What you return should match the entries below exactly, only without the images.

Image-backed grounding data
Content starts

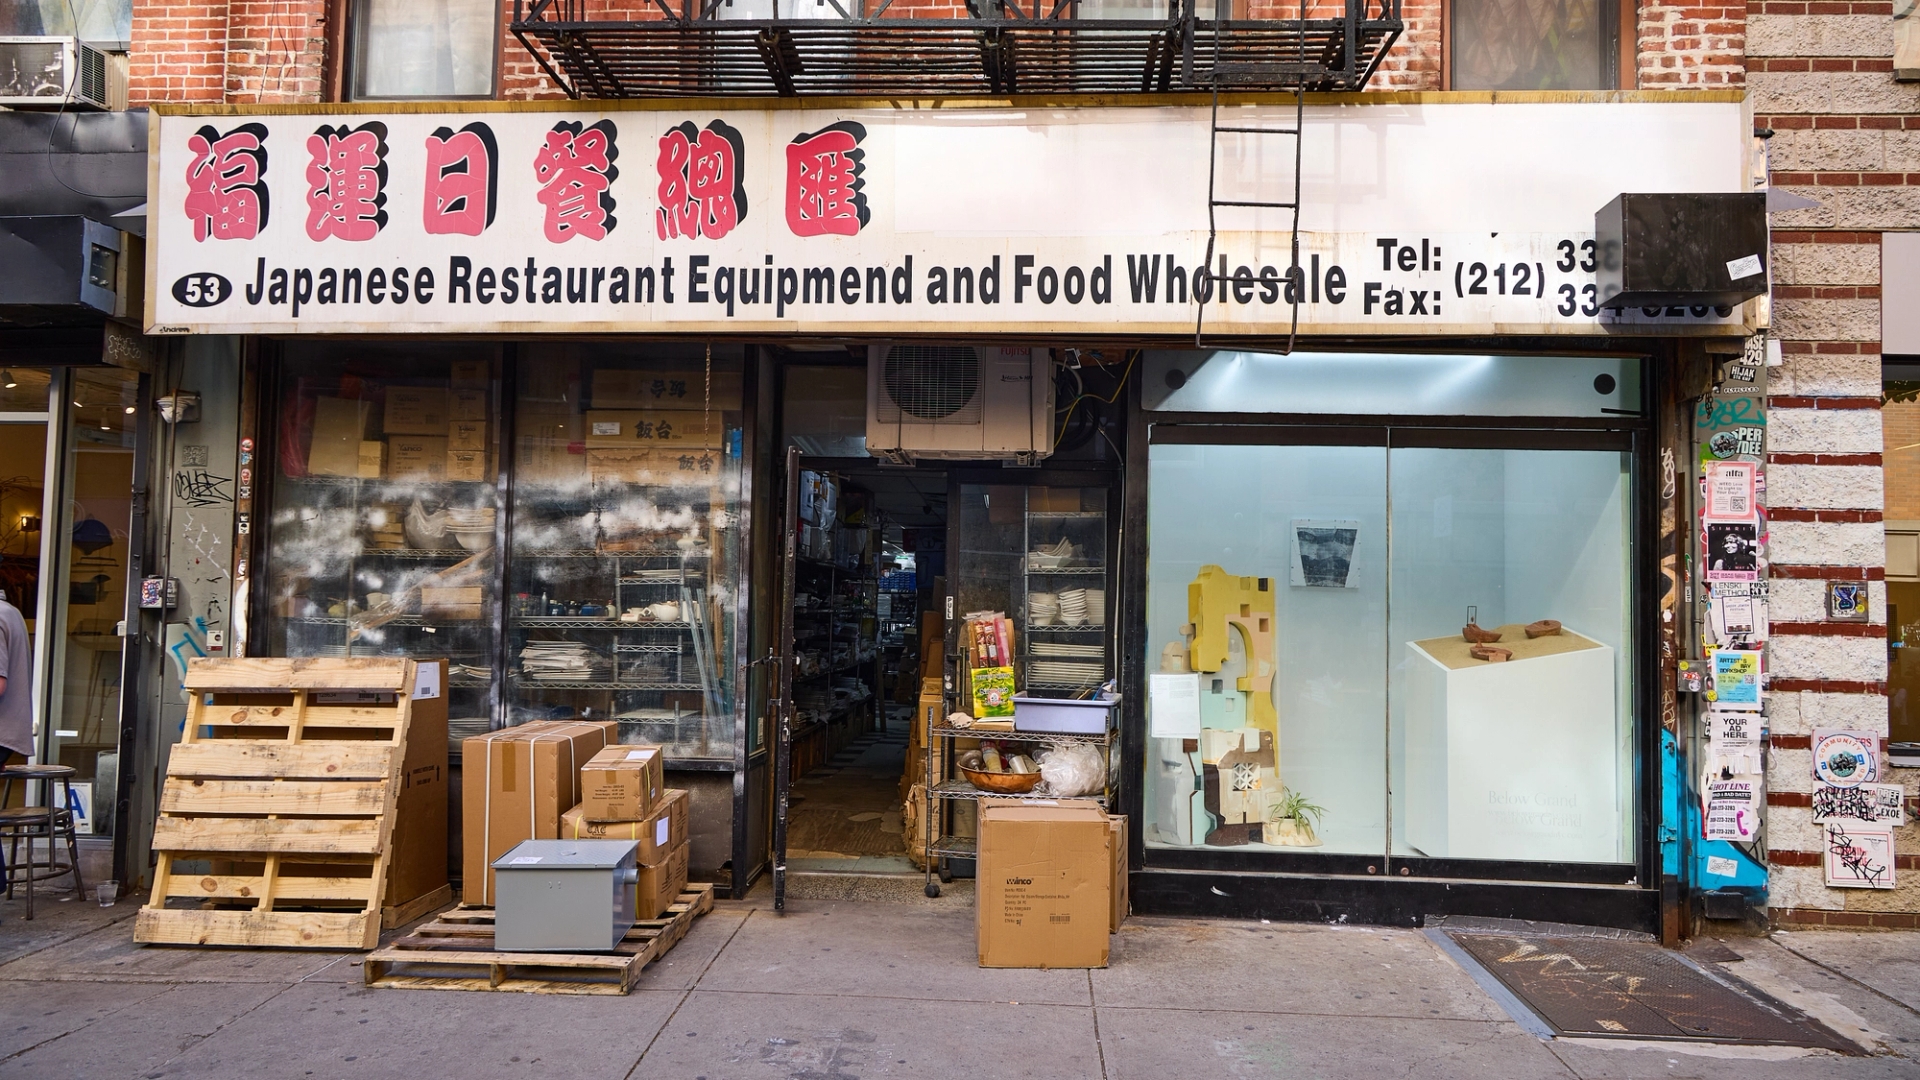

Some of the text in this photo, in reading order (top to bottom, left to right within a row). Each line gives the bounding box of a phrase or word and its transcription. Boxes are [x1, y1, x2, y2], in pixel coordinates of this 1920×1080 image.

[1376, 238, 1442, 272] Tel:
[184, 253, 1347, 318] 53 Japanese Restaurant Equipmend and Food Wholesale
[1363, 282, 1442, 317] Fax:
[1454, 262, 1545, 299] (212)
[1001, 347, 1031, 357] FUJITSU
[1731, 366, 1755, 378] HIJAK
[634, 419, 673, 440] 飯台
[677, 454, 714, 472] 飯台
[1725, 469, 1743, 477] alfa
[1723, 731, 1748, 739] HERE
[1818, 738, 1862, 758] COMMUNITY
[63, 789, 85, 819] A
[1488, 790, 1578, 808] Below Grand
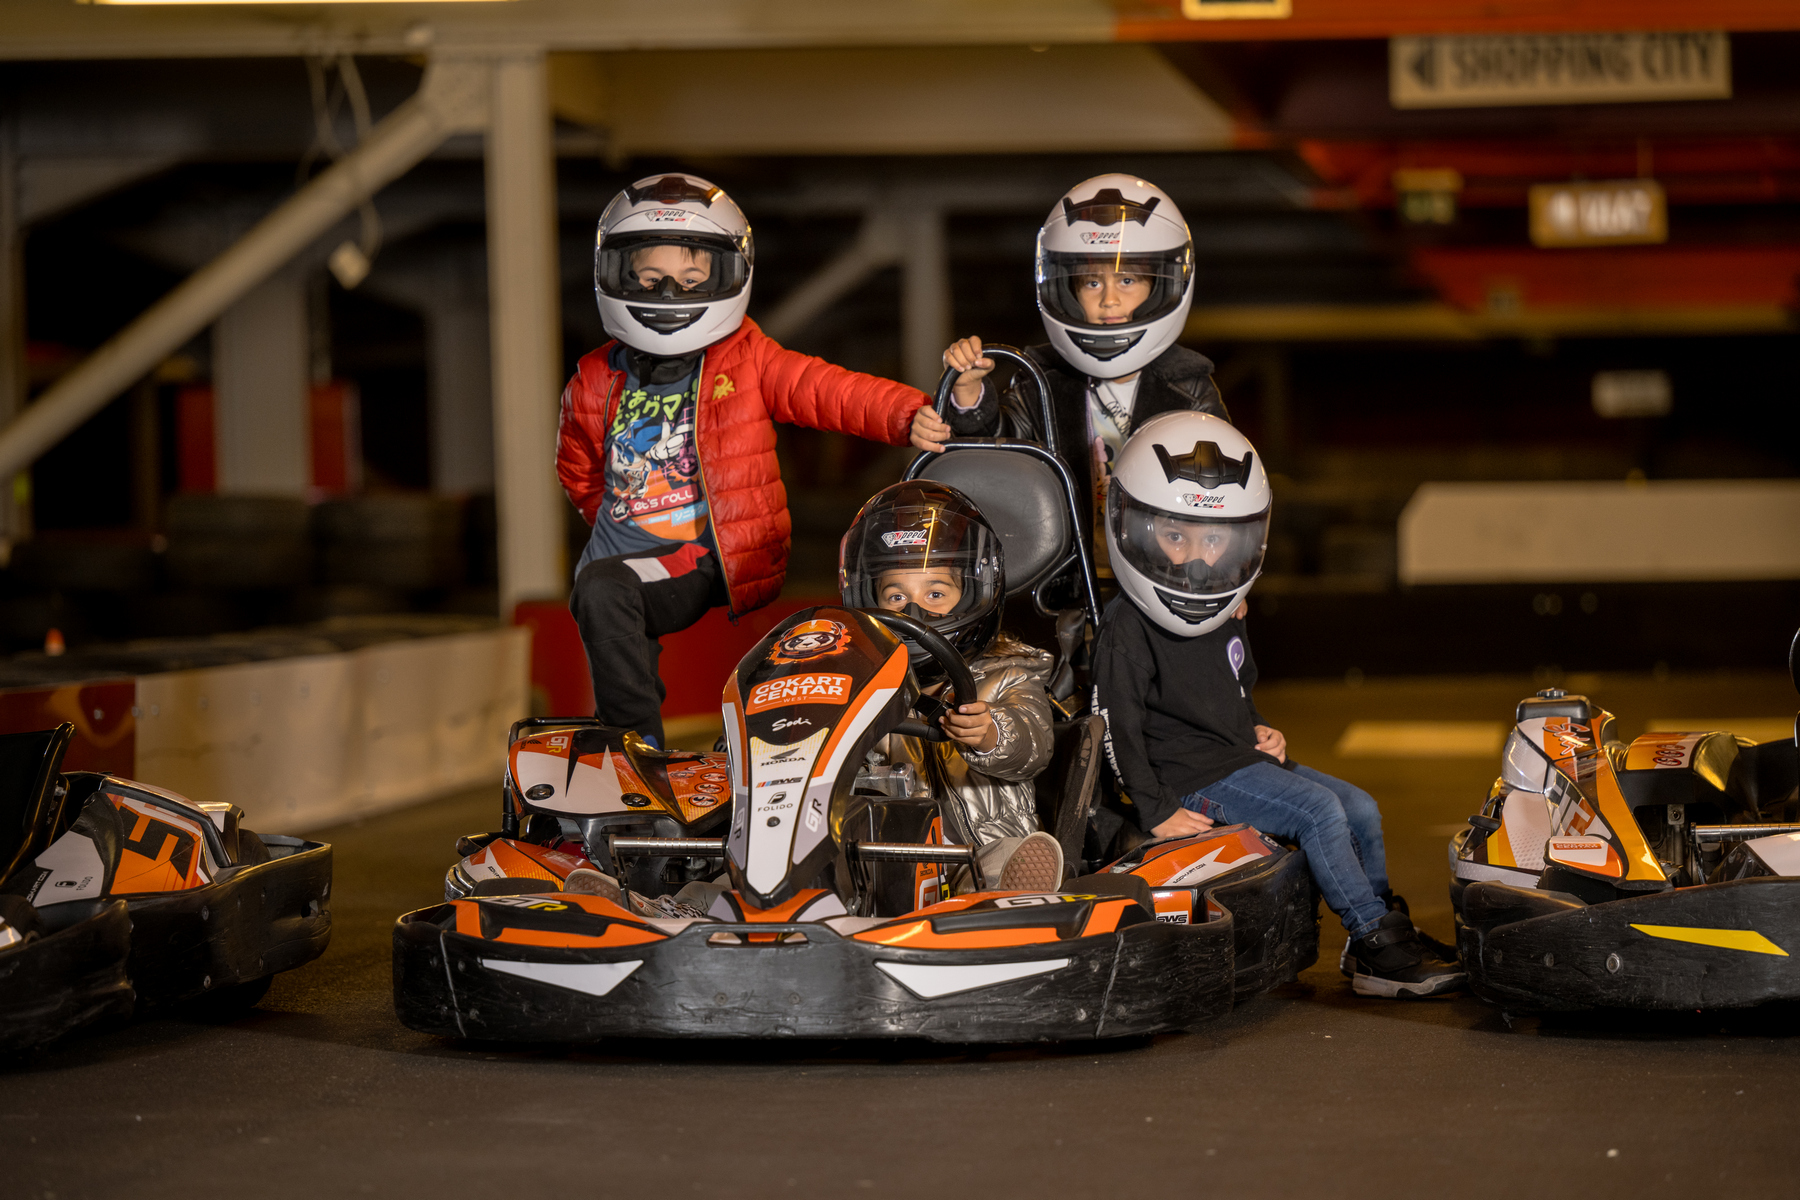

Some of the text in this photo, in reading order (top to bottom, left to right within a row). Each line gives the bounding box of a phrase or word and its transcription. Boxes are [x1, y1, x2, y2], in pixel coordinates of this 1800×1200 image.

Content ends

**Response**
Some of the text in this photo, in reading order (top to bottom, left to right within a row). Each line gives the bounding box of a phrase or word and its transcription. Boxes are [x1, y1, x2, y2], in pixel coordinates of this 1920×1080 image.

[1376, 238, 1442, 272] Tel:
[184, 253, 1347, 318] 53 Japanese Restaurant Equipmend and Food Wholesale
[1363, 282, 1442, 317] Fax:
[1454, 262, 1545, 299] (212)
[1001, 347, 1031, 357] FUJITSU
[1731, 366, 1755, 378] HIJAK
[634, 419, 673, 440] 飯台
[677, 454, 714, 472] 飯台
[1725, 469, 1743, 477] alfa
[1723, 731, 1748, 739] HERE
[1818, 738, 1862, 758] COMMUNITY
[63, 789, 85, 819] A
[1488, 790, 1578, 808] Below Grand

Some of the text in this photo, in reading order (top to bottom, left to right within a row). Each line gives the bounding box of a phrase or word and its transcription. Boxes are [x1, y1, x2, y2], in pixel coordinates of this 1800×1200 image.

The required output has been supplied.